--- Data extracts ---
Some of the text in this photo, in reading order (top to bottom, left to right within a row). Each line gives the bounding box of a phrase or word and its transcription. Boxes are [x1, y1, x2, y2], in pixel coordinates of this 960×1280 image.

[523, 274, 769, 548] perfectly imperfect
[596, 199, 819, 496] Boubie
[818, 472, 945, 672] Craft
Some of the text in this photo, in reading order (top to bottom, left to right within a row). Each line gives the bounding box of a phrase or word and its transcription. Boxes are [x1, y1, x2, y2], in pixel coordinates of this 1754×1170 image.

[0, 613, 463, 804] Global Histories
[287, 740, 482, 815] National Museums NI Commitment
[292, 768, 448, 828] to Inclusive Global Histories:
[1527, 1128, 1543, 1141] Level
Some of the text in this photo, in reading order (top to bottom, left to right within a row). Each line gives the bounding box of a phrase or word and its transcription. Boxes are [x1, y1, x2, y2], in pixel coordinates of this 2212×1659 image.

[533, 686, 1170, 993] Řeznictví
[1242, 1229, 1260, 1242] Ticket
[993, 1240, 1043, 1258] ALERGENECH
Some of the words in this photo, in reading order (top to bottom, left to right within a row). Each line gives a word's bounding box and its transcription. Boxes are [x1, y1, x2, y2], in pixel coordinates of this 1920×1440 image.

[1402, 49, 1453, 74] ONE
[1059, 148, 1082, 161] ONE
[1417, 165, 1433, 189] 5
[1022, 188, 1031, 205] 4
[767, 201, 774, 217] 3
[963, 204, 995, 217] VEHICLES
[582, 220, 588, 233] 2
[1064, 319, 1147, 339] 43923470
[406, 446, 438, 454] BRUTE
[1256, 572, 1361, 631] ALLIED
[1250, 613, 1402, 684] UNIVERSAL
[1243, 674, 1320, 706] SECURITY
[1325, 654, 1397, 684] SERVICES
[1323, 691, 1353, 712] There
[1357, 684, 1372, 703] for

--- What to do ---
A complete, exact copy of the entries is required.

--- Result for this exercise ---
Some of the text in this photo, in reading order (top to bottom, left to right within a row). Each line gives the bounding box of a phrase or word and its transcription. Boxes are [x1, y1, x2, y2], in pixel coordinates of this 960×1280 image.

[523, 274, 769, 548] perfectly imperfect
[596, 199, 819, 496] Boubie
[818, 472, 945, 672] Craft
Some of the text in this photo, in reading order (top to bottom, left to right within a row). Each line gives the bounding box of a phrase or word and its transcription. Boxes are [x1, y1, x2, y2], in pixel coordinates of this 1754×1170 image.

[0, 613, 463, 804] Global Histories
[287, 740, 482, 815] National Museums NI Commitment
[292, 768, 448, 828] to Inclusive Global Histories:
[1527, 1128, 1543, 1141] Level
Some of the text in this photo, in reading order (top to bottom, left to right within a row). Each line gives the bounding box of a phrase or word and its transcription. Boxes are [x1, y1, x2, y2], in pixel coordinates of this 2212×1659 image.

[533, 686, 1170, 993] Řeznictví
[1242, 1229, 1260, 1242] Ticket
[993, 1240, 1043, 1258] ALERGENECH
Some of the words in this photo, in reading order (top to bottom, left to right within a row). Each line gives a word's bounding box and its transcription. Boxes are [x1, y1, x2, y2], in pixel coordinates of this 1920×1440 image.

[1402, 49, 1453, 74] ONE
[1059, 148, 1082, 161] ONE
[1417, 165, 1433, 189] 5
[1022, 188, 1031, 205] 4
[767, 201, 774, 217] 3
[963, 204, 995, 217] VEHICLES
[582, 220, 588, 233] 2
[1064, 319, 1147, 339] 43923470
[406, 446, 438, 454] BRUTE
[1256, 572, 1361, 631] ALLIED
[1250, 613, 1402, 684] UNIVERSAL
[1243, 674, 1320, 706] SECURITY
[1325, 654, 1397, 684] SERVICES
[1323, 691, 1353, 712] There
[1357, 684, 1372, 703] for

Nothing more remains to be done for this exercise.